Guide To This Site

Where you go first on this site will depend on why you came..

If you’re here to find out about Canadian Classroom on Rails in general—what it’s about, who’s involved with it, where it’s going, when and why—this is NOT the place to begin.

If you were looking at a university or college to attend, you’d want to have an idea what you’d be coming out with after you’ve been, to see if it’s the right fit for you. Once you’d answered that question, you might read on to find out where the campus(es) is—or are—located, what the term length and costs are. These are questions you’d find in a calendar or year book, not in a curriculum guide.

Because that’s where you landed: in the library. Here you can check out some of our resources, but that’s not enough to tell you if you want to be here. For a first introduction go to www.canadianclassroomonrails.com and take your time there.

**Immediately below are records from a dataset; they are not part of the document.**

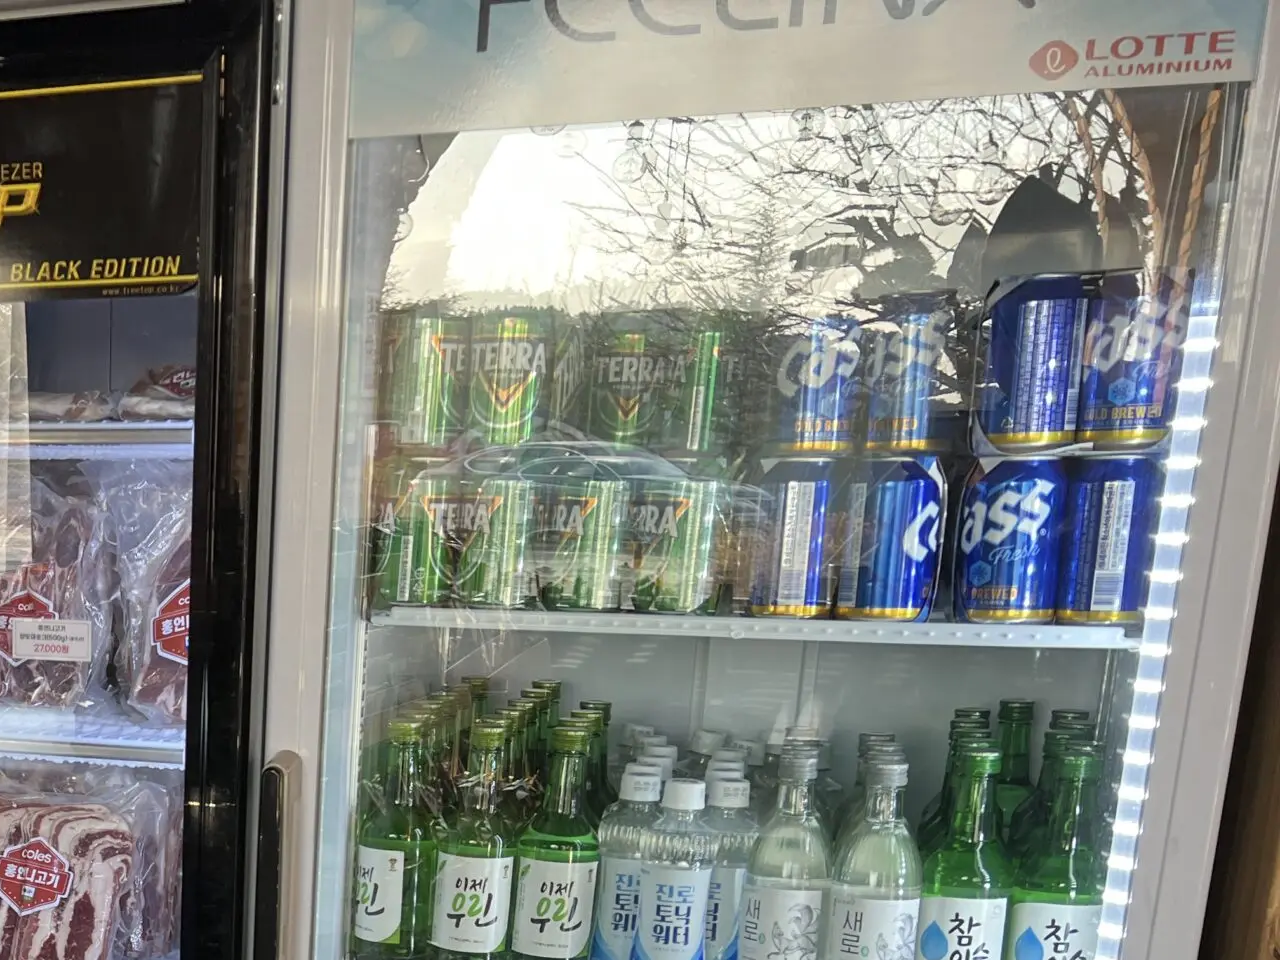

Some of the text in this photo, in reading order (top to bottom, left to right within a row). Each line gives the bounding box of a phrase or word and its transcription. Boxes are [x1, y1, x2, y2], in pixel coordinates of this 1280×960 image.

[1085, 30, 1236, 60] LOTTE
[1084, 58, 1232, 78] ALUMINIUM
[10, 256, 182, 282] BLACK EDITION
[473, 342, 547, 375] TERRA
[21, 848, 52, 864] coles
[455, 876, 489, 895] 이제
[540, 880, 575, 898] 이제
[655, 882, 696, 904] 진로
[446, 892, 498, 929] 우린
[531, 896, 583, 934] 우린
[655, 903, 692, 926] 토닉
[652, 923, 690, 947] 워터

(Because we’re still at a developmental stage, building fundraising capacity, recruiting staff, etc. there are specifics—exact departure/return dates you won’t find there yet. But you will find how Classroom will function when it’s up and running.)

If you’re a student doing advance reading for or follow up from a lesson:

  • If you know the specific lesson number—we’ll be announcing/posting these in advance, even though we will not be presenting them in order en route—click on the “Content Summary for 100 lessons…” dropdown that pops up when you place your curses over the arrow to the right of the Syllabus tab on the far right of the seven tabs. This will bring you to a single summary you can scroll down until you reach the right number in order from 1 – 100.
  • If you don’t know the number but recall the theme or have a general idea of the topic, Click on the wordSyllabus” itself. This will bring up the same material, except that the 100 lessons are-subdivided in themes including “Land and Other Forces That Shaped Us,” “Identity/Spirit,” “Evolution/Society/Trends,” etc. Scroll down rapidly, watching for the theme your topic fits under, then slow to click on the lesson itself when you recognize it.
  • When you’ve reached the content, there may be certain links embedded such as a reading from the Reflections section, one or more songs with lyrics and explanatory notes on the lesson topic, and occasional hyperlinks to other sites and sources. Depending on the timing, you may even be able to access the instructor’s detailed lesson plan with particulars of presentation.
  • If you’re an instructor consulting available resources (books, music, quotations, reflections, etc.) you’ll find those by clicking on the appropriate tab(s) and/or dropdowns to get to the focus you need. This may entail 3-4 levels down, depending on the topic and resources we have available.
  • If you’re an instructor with your own material to download onto the site, you’ll have your own password and instructions that help you access the needed steps and areas.
  • If you’re a sponsor or would-be sponsor who wants to assess for yourself whether your contribution is a good investment, come with a fly-by/over approach to the student materials and other resources. Take your time to read through some of the Reflections, and then leave time/space to ponder. Minds take longer to download and process information than computers do—not because they have less but because they bring more to the process: like the thought that wakes you up in the middle of the night and turns out to be a Eureka. Do justice to yourself and your capacities when you’re evaluating what’s here. Treat yourself respectfully as a student—the way we aim to treat our students—and you will reward yourself with the wise conclusions you access. Flip through, and the truth may slip you by!
  • Whoever you are and for whatever reason you’re here, remember the root meaning of two words that can help you navigate:
    • educate” means to “draw out” – It’s not about cramming in more data. The wise educator has lived long enough, and knows him/herself well enough, to be able to see students’ abilities to receive at the right time/place. When one comes at teaching from that perspective, s/he will draw on his/her acquired wisdom, skill and experience to meet the student at a perfect place. The result we be discovering buried treasure, not cramming facts into a box or burying truth in the ground.
    • Kanata,our adopted Algonquin name, means “village.” A great educator and communicator, Marshall McLuhan—who also happened to be Canadian—gave us the expression “the global village.” Canada is that, and in a village there’s a place for everyone. We’re not forced into little boxes or made to stand in long lineups because “that’s the way the system works.” The “Canadian Specific” focus involves finding the specific traits in our shared experience, past, geographic and ongoing, to access the knowledge, truth and compassion we need to be good villagers, and citizens of Planet Earth.